- _Extracted data_
= = = =

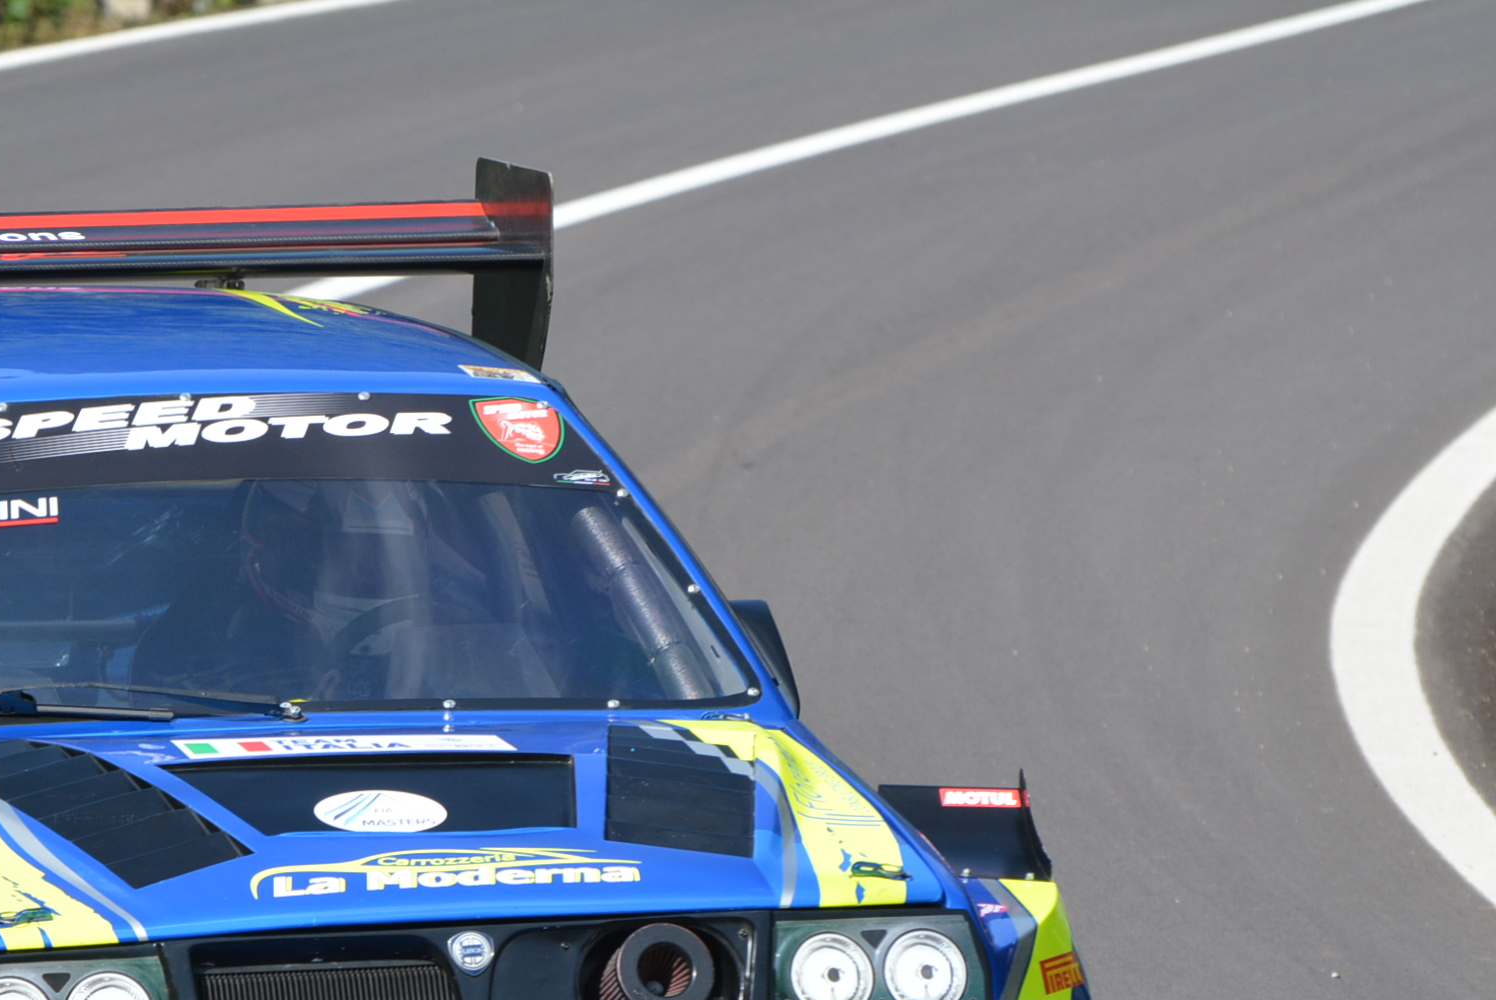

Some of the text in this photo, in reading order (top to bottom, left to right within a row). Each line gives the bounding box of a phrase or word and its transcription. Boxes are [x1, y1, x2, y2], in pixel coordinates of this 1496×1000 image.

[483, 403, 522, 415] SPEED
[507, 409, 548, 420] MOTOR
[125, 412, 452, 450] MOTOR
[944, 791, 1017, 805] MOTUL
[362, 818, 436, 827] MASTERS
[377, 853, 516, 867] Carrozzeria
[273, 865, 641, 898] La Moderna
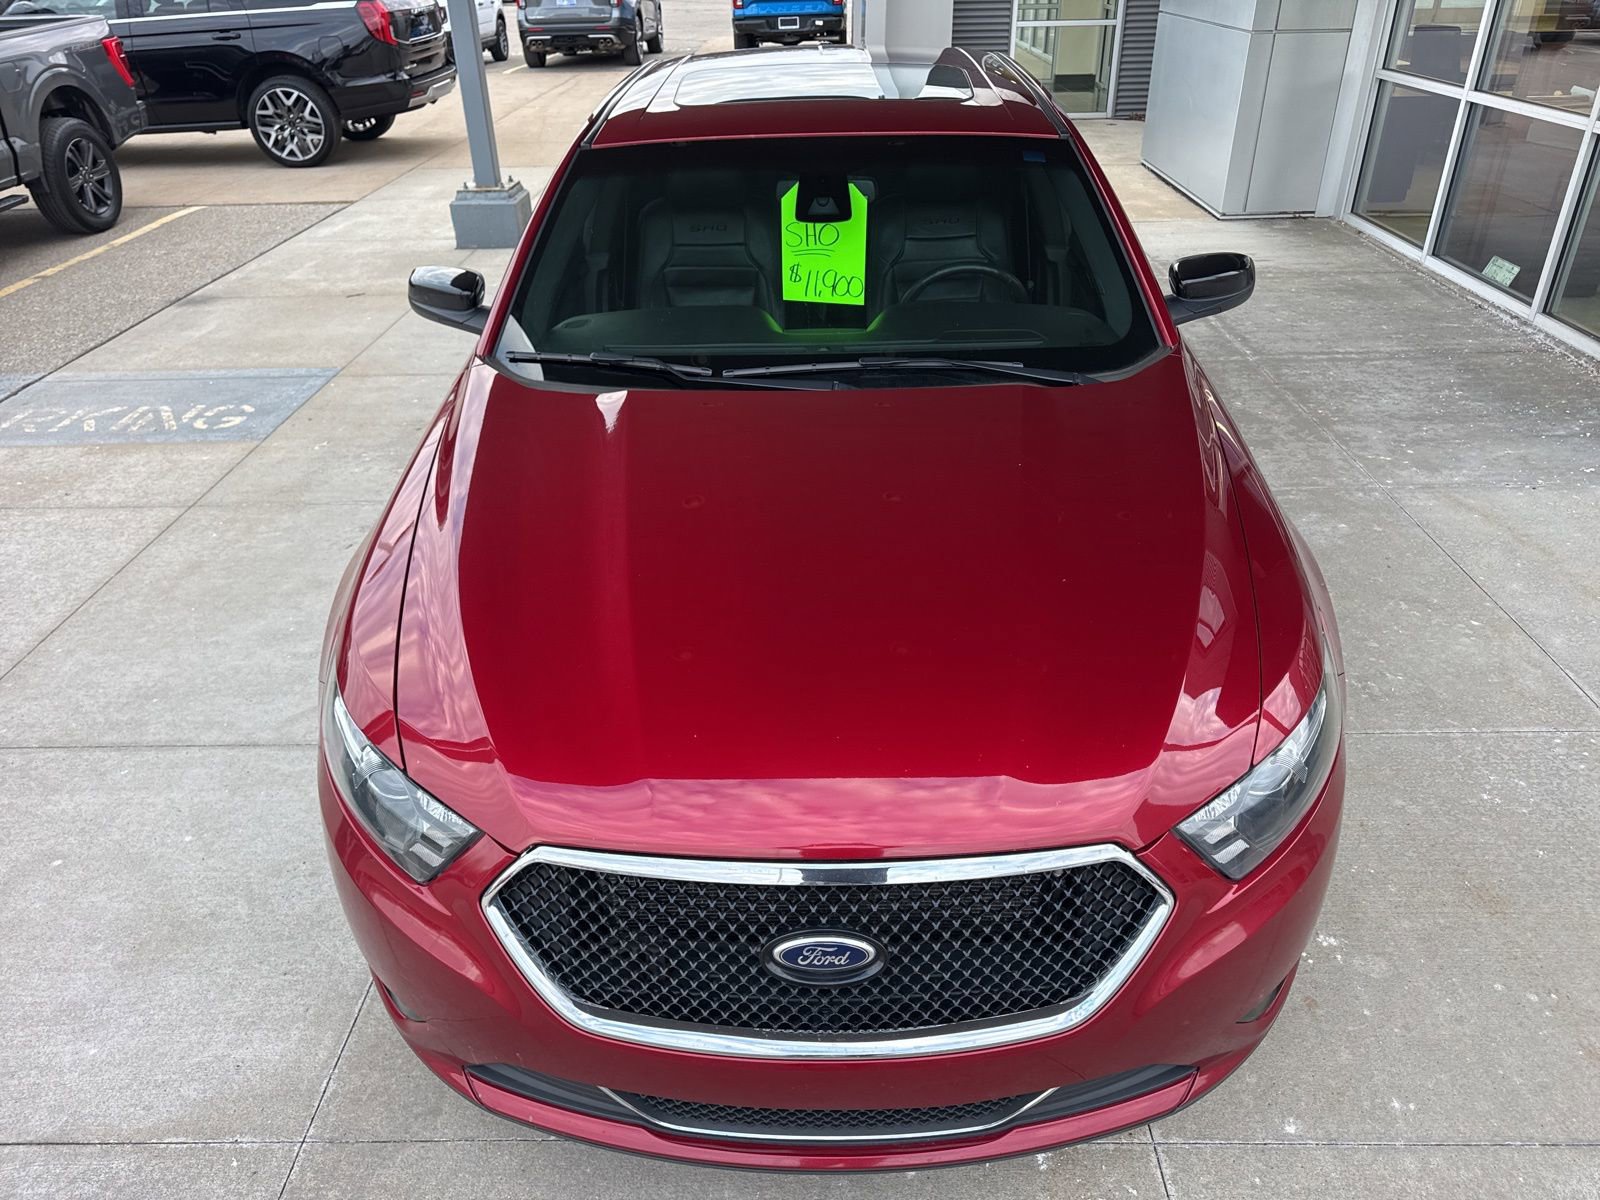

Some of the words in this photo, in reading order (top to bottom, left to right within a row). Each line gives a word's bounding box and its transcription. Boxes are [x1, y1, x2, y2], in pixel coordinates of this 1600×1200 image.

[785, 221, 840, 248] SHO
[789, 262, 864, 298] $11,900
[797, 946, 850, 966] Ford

= = = =

- _Task brief_
Every line from the one containing "Some of the words" through the last line of the entries must be written out verbatim, and no other line.

- _Response for this exercise_
Some of the words in this photo, in reading order (top to bottom, left to right within a row). Each line gives a word's bounding box and its transcription. Boxes are [x1, y1, x2, y2], in pixel coordinates of this 1600×1200 image.

[785, 221, 840, 248] SHO
[789, 262, 864, 298] $11,900
[797, 946, 850, 966] Ford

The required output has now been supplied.